When people decide they need the help of an elder care attorney, what options do they have? It may seem expensive upfront, but will likely save a client money in the long run. Many people are surprised by what Elder Care Law firms can offer. It’s important that other professionals, who have likely worked with adult clients for much of their lives, are aware of elder care law professionals. Fees typically would be 1-2 months of nursing home care, so it’s affordable and reasonable value. Elder Care Law is a growing niche in the US; it seems to resonate with younger people that are looking for a truly meaningful career.
As people are aging, we need more care. The laws continue to change as well, and when you’re dealing with so much government regulation, it’s important that you’re working with someone who is staying on top of the changes. It’s always the law that’s in place at the time a person passes that will impact a state recovery for Medicaid recipients.

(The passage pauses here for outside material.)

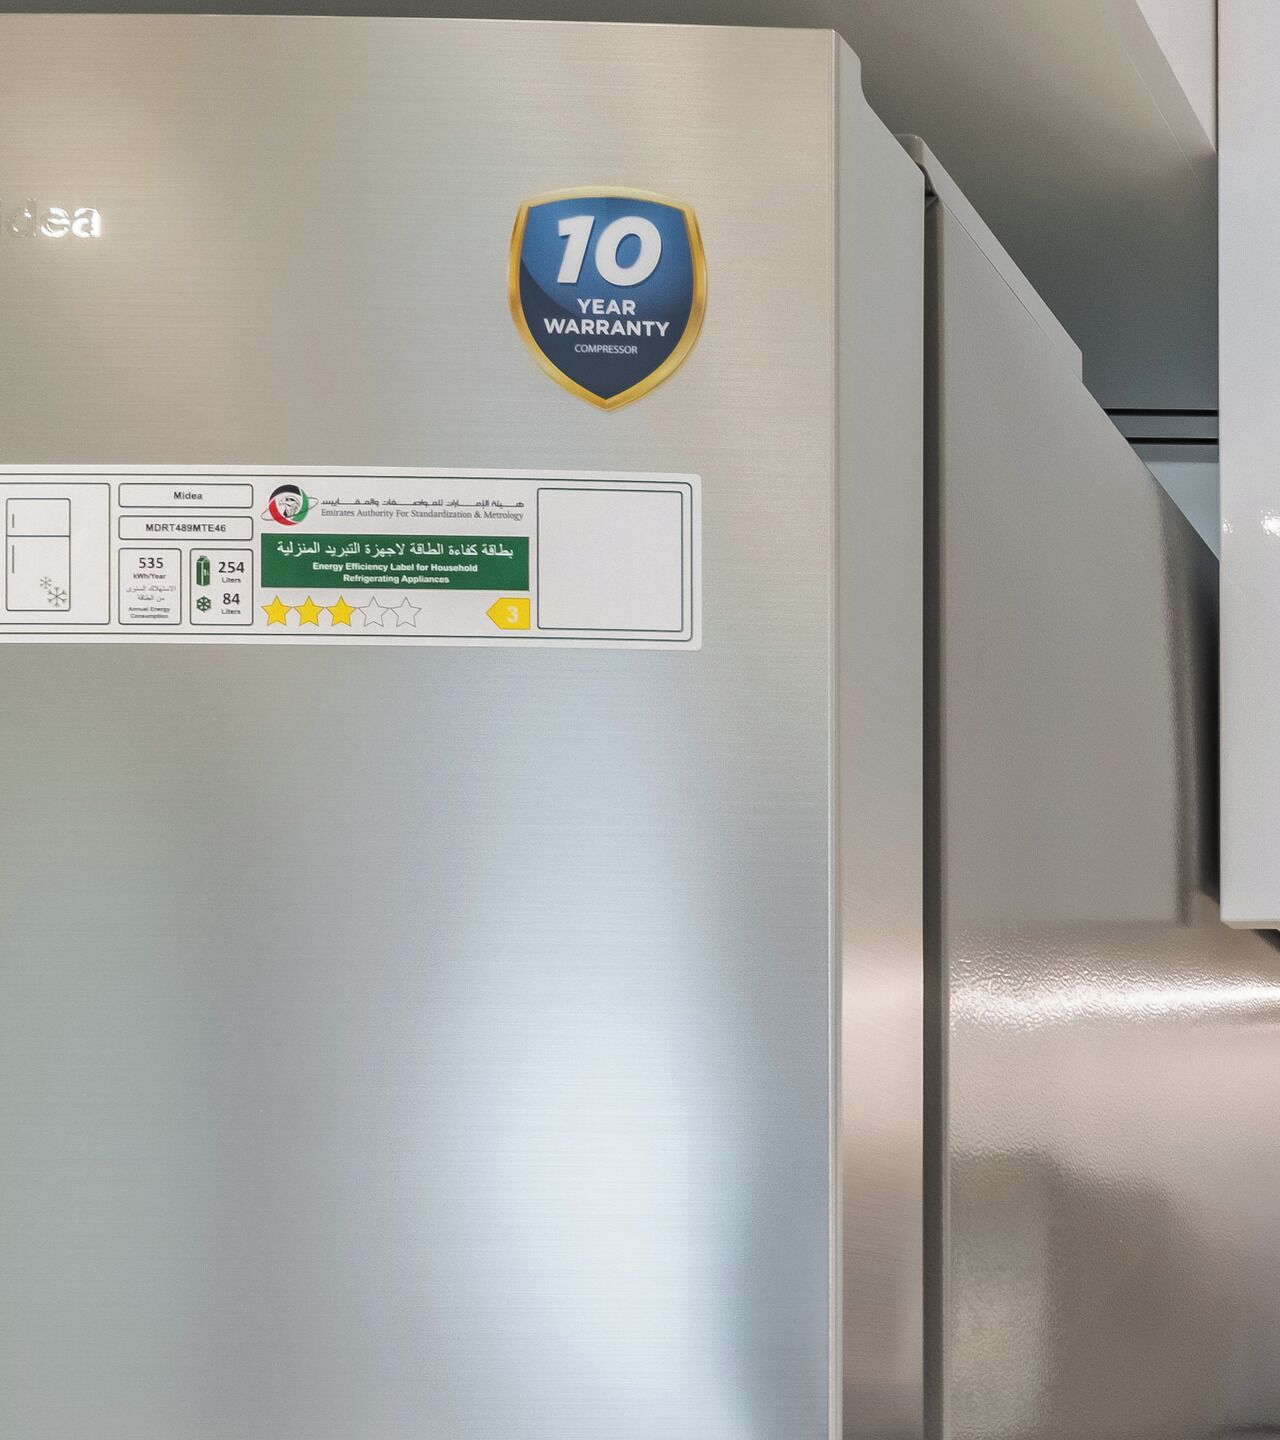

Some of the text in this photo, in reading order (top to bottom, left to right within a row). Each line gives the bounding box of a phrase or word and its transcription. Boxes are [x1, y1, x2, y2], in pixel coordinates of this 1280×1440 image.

To learn about social security benefits, there is a lot of information on the social security administration website. To get the best information, going to a certified financial planner is the wisest course of action. They should be able to recommend when you should start taking your social security, whether you should draw from your spouse or on your own, and what to do it you’re widowed or divorced.
There is a lot of information out there on the topic of elder care. It’s important to consider all of your sources, and streamline it down to your options and planning proactively for the future. People should get started early, and know that their estate planning is a process, rather than an event they can check off on their list of things to do.